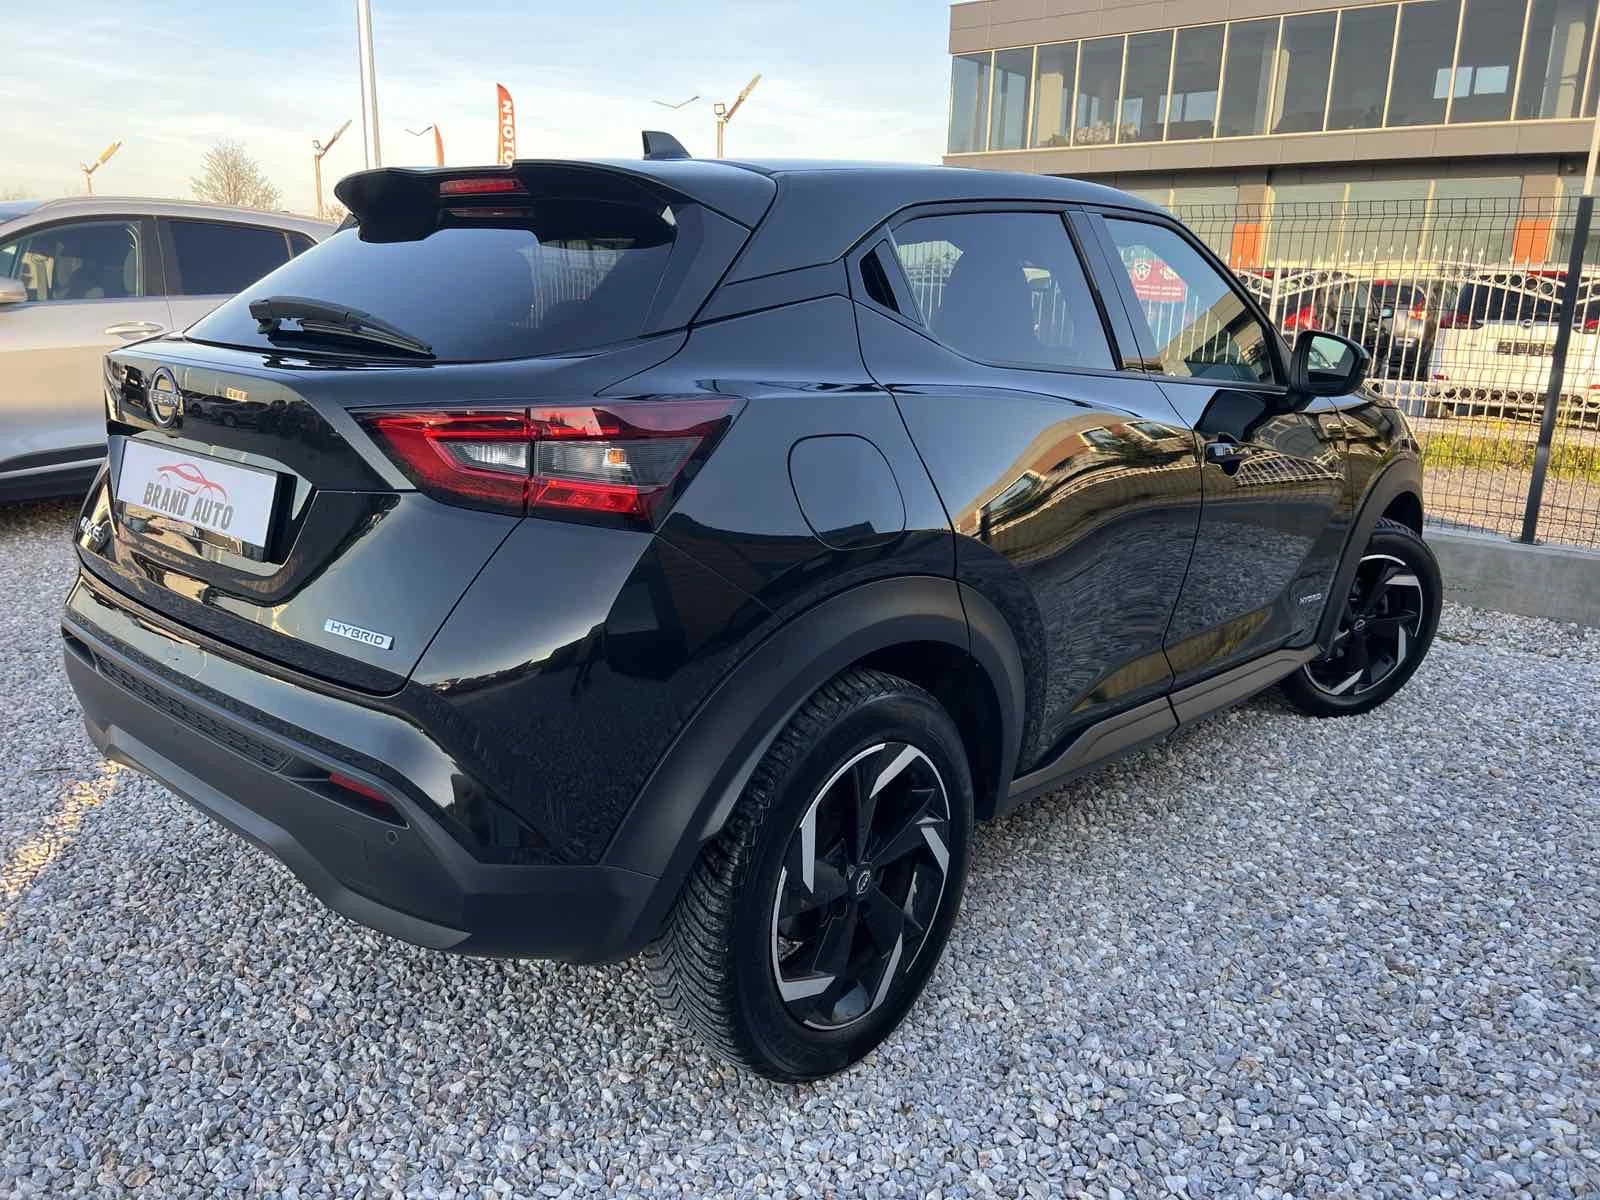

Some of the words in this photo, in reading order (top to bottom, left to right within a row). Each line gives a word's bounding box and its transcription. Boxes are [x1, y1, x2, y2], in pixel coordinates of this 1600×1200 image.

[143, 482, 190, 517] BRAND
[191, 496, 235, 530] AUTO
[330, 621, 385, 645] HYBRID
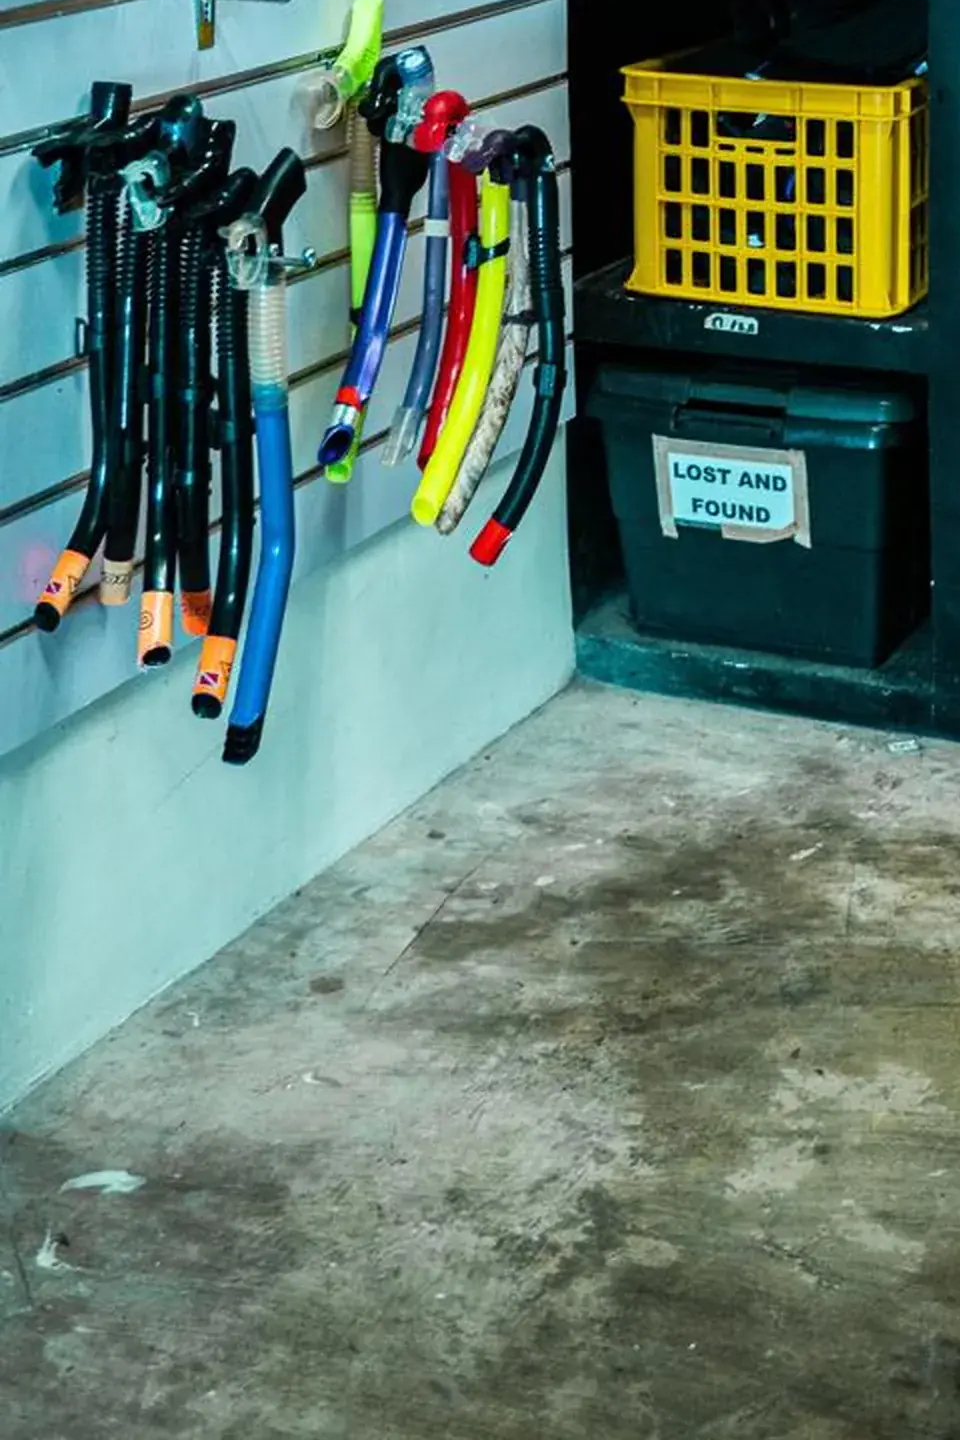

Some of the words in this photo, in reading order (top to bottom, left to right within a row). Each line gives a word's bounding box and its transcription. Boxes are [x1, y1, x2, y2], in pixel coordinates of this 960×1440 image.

######

→ **Task objective**:
When a line carries an image, skip the image and repeat everything else above exactly as written.

→ **Response to the exercise**:
Some of the words in this photo, in reading order (top to bottom, left to right within a row). Each line gives a word's bounding box and its transcription. Boxes are [x1, y1, x2, y2], in pixel coordinates of this 1600×1200 image.

[143, 482, 190, 517] BRAND
[191, 496, 235, 530] AUTO
[330, 621, 385, 645] HYBRID

Some of the words in this photo, in reading order (top to bottom, left to right within a row). Each line gives a word's bounding box and its transcription. Boxes are [x1, y1, x2, y2], in pixel coordinates of this 960×1440 image.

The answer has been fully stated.